Ma un tal pregiudizio non è stato prospettato neppure in questa fase di legittimità dal ricorrente, il quale peraltro non ha contestato nè la legittimità dei prelievi ematici operati dal consulente, ne' le metodologie delle analisi e degli esami immuno - ematologici e biologici, svolti dagli istituti universitari e dai centri specializzati incaricati da quest'ultimo e che sono stati allegati, tutti, alla relazione, nonché le risultanze cui sulla base di essi il consulente è pervenuto;
ed ha ravvisato la dedotta nullità nel solo fatto di non essere preventivamente venuto a conoscenza dei nominativi degli istituti e dei laboratori al riguardo prescelti (pag. 13), perciò stesso rendendo palese l'infondatezza della censura rivolta alla sentenza impugnata.
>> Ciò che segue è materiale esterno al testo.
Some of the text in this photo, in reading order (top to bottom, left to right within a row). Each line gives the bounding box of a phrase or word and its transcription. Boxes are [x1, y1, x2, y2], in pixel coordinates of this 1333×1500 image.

La quale, pur tuttavia, ha smentito l'esistenza di omissioni ed irregolarità nelle operazioni peritali, ricostruendone analiticamente lo svolgimento e dimostrando non solo che il DI, in conformità del citato art. 91 disp. att. cod. proc. civ. era stato informato della data e del luogo di inizio delle operazioni, ove non si era presentato preannunciando la propria assenza, ma che il consulente aveva comunicato allo stesso ed al di lui perito anche la data ed il luogo delle 5 sedute successive:
nel corso delle quali, infatti, erano stati effettuati due prelievi sulle parti e che si erano rese necessarie per il comportamento dilatorio ed ostruzionistico mantenuto in ciascuna di esse dal ricorrente e dal proprio consulente.
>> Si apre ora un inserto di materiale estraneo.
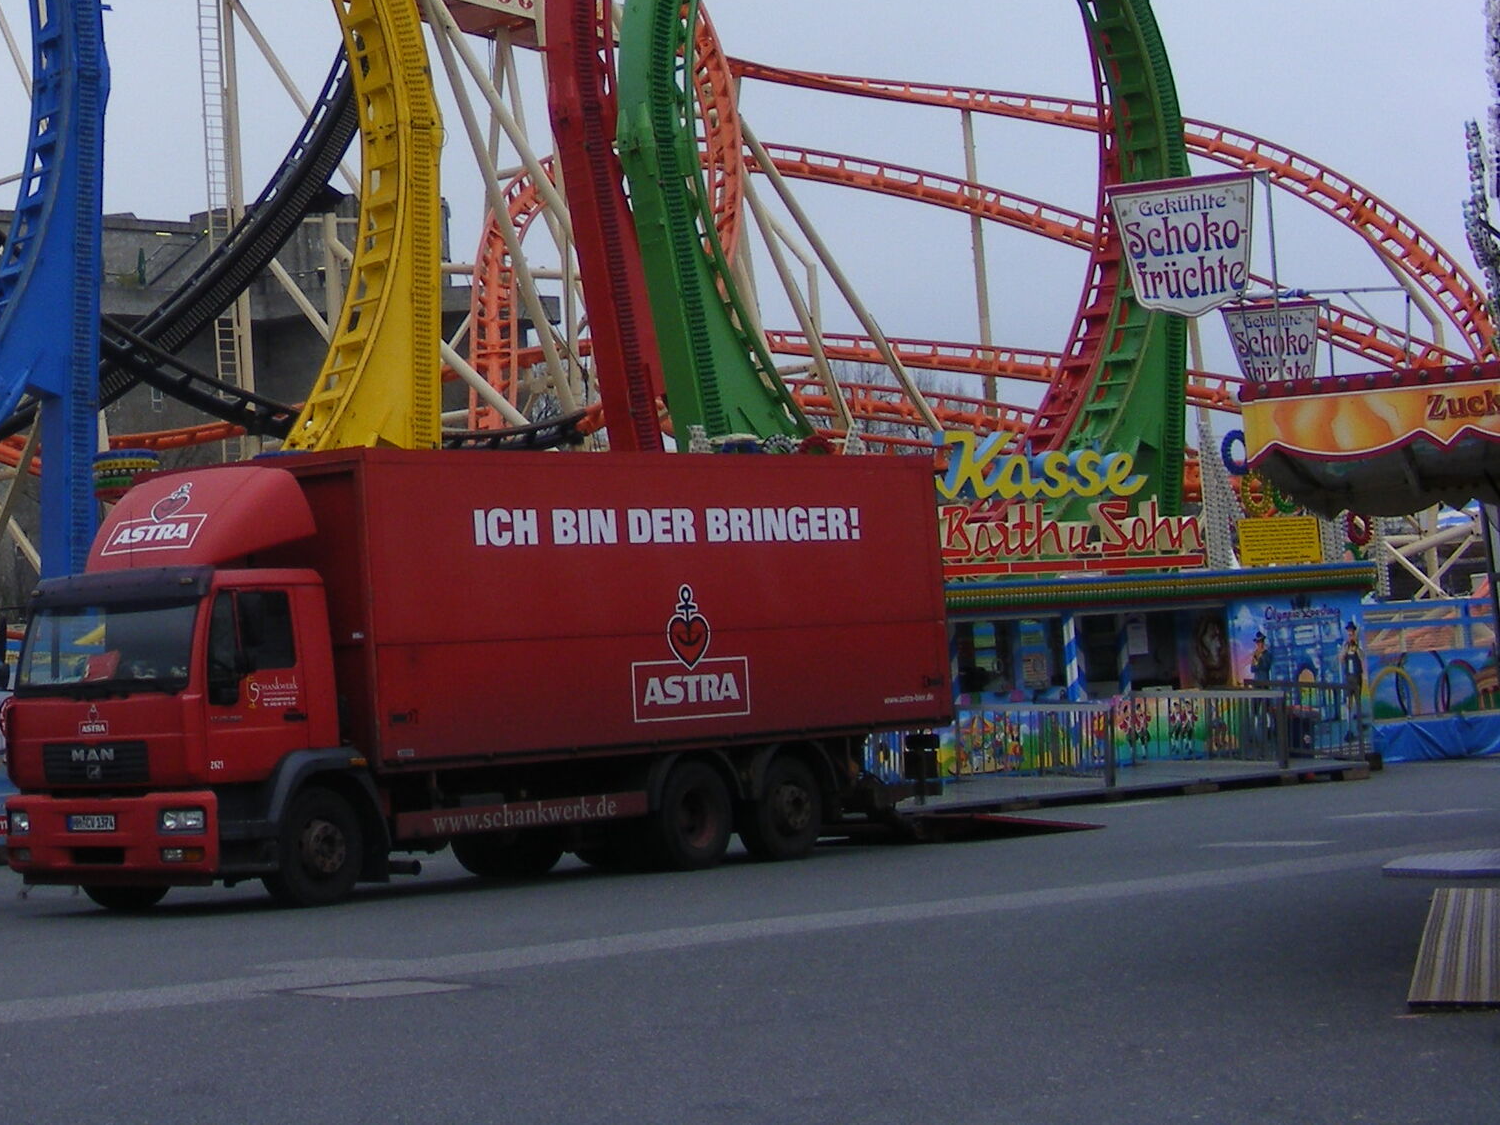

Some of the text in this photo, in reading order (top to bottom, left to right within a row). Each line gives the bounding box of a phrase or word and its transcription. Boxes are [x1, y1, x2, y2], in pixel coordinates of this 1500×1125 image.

[1138, 194, 1227, 217] Gekühlte
[1125, 212, 1247, 259] Schoko-
[1136, 255, 1245, 299] früchte
[935, 431, 1148, 499] Kasse
[113, 522, 189, 546] ASTRA
[474, 507, 860, 546] ICH BIN DER BRINGER!
[942, 502, 1064, 557] Barth
[1069, 525, 1098, 554] u.
[1098, 500, 1204, 552] Sohn
[644, 672, 740, 706] ASTRA
[82, 724, 105, 733] ASTRA
[71, 748, 115, 761] MAN
[432, 794, 617, 835] www.schankwerk.de
Va aggiunto che la Corte territoriale non ha trascurato di esaminare neppure se la disinformazione lamentata da costoro fosse ascrivibile a comportamento del consulente tecnico, pur non tenuto per i principi avanti esposti a dare comunicazione di ogni operazione successiva a quella iniziale per l'espletamento dell'incarico; e l'ha esclusa in base agli stessi verbali delle operazioni peritali (non contestati dal ricorrente) dai quali è invece emerso che soltanto nel corso della terza seduta e del secondo prelievo ematico, il DI ed il proprio consulente avevano sollevato la questione, non già per chiedere notizie sul prosieguo delle operazioni e sulle presumibili date delle stesse, bensì esclusivamente per eccepire l'asserita nullità di quelle già compiute a causa dell'omessa indicazione degli enti incaricati di svolgere le indagini, pur in mancanza di qualsiasi loro precedente richiesta al riguardo. E che analogo comportamento pretestuoso è stato mantenuto nel corso delle sedute successive in cui il ricorrente si è limitato a contestare presunte irregolarità concernenti sempre operazioni precedenti, senza mai richiedere informazioni sul loro prosieguo e rifiutando, anzi, dopo il secondo prelievo di prendere in consegna i frammenti ematici che il consulente gli aveva offerto per consentirgli l'autonomo svolgimento su di essi di tutte le indagini ritenute opportune per tutelare il proprio diritto di difesa.
E poiché il ricorrente ha ignorato del tutto tale argomentato ragionamento svolto dai giudici di merito, cui non ha dato risposta, limitandosi a riproporre semplicemente l'eccezione di nullità della consulenza già motivatamente disattesa in secondo grado, la Corte deve confermare la sentenza impugnata per avere respinto l'eccezione suddetta ed aver conseguentemente utilizzato gli accertamenti peritali esenti dalle denunciate irritualità; che d'altra parte la Corte di appello ha esaminato e valorizzato unitamente alle altre risultanze istruttorie, pur esse favorevoli alla RI, per ritenere ampiamente raggiunta la prova della paternità contestata e già dichiarata dai primi giudici.
Nessuna pronuncia va emessa in ordine alle spese relative al rapporto processuale con RO RI, perché costei, cui l'esito del giudizio è stato favorevole non si è costituita;
mentre sussistono giusti motivi per dichiarare interamente compensate quelle attinenti al rapporto processuale tra le parti costituite.
P.Q.M.
La Corte, rigetta il ricorso e dichiara interamente compensate le spese processuali tra il ricorrente e la RI.
Così deciso in Roma, il 6 febbraio 2001.